Soon Tara will learn the startling truth: It’s her destiny to become a Hindu goddess.
It’s a key scene in “Devi,” a new comic book that’s part of an ambitious effort by a unit of Richard Branson’s Virgin Group Ltd. to develop story lines based on Indian religion and mythology. Others take inspiration from the Sanskrit epic poem Ramayana and traditional legends such as one involving snakes that can take on human form.
East Asia has been big in the comic-book world for years, and appears to be reaching a peak; a friend of mine didn’t see daylight for most of 2006, so busy was he helping to translate Japanese manga comics into English 18 hours at a time.
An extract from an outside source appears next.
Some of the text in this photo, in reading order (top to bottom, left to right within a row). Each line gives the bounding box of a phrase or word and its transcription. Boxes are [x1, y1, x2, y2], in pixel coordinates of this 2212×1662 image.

That said, turning South Asian mythology into comics for both Western and Indian audiences is a new phenomenon. But the Virgin brand is a strong one and chief Richard Branson has a knack for attracting talent; one of the titles at Virgin Comics, “The Sadhu,” is already slated for moviedom with Deepak Chopra writing the screenplay and Nicholas Cage playing the title character, a British chap who finds out he was an Indian holy man in a previous life. (Cage now has his opportunity to mangle two accents in a single film.)
Virgin Comics is “aggressively targeting Indian-Americans, by sponsoring Indian-American events and linking up with student clubs at colleges.” Although the comics are being created in Bangalore, will Desis here respond to Branson—who after all is just a particularly hip white guy—appropriating the foundations of subcontinental culture?
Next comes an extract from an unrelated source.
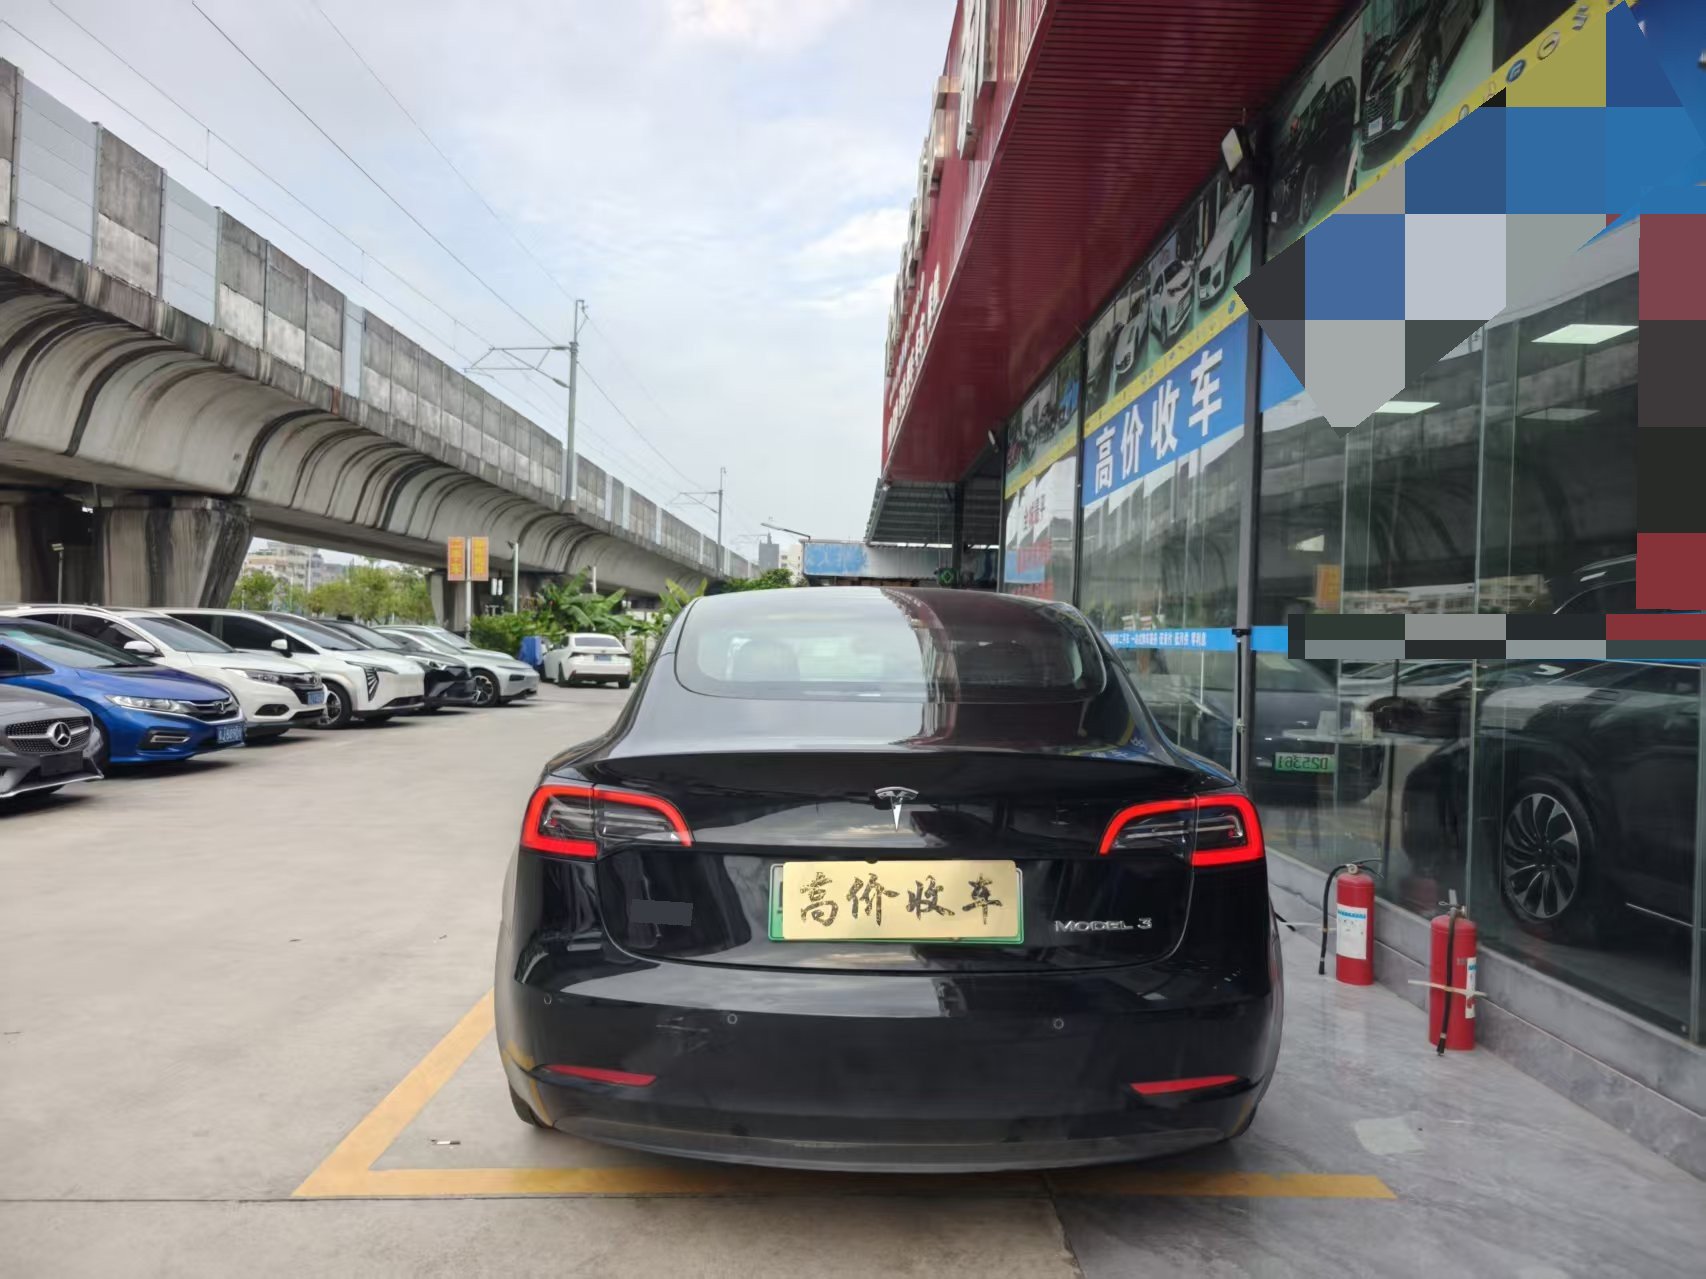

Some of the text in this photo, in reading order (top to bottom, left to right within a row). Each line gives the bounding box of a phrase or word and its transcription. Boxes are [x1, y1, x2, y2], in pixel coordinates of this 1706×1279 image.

[1095, 348, 1223, 494] 高价收车
[799, 871, 1003, 926] 高价收车
[1054, 917, 1152, 932] MODEL 3
Up next for cultural strip-mining: Perhaps Iran, with the release of a movie based on Frank Miller’s 300, which involves 300 Spartans holding off thousands of Persians at Thermopylae.
1 comment:
I'd certainly be up for reading some good comic ... er ... graphical novel versions of the Shah Nameh.
But why stop there? We can get Gilgamesh, Enuma Elish, and more. And Disney hasn't yet Trademarked them!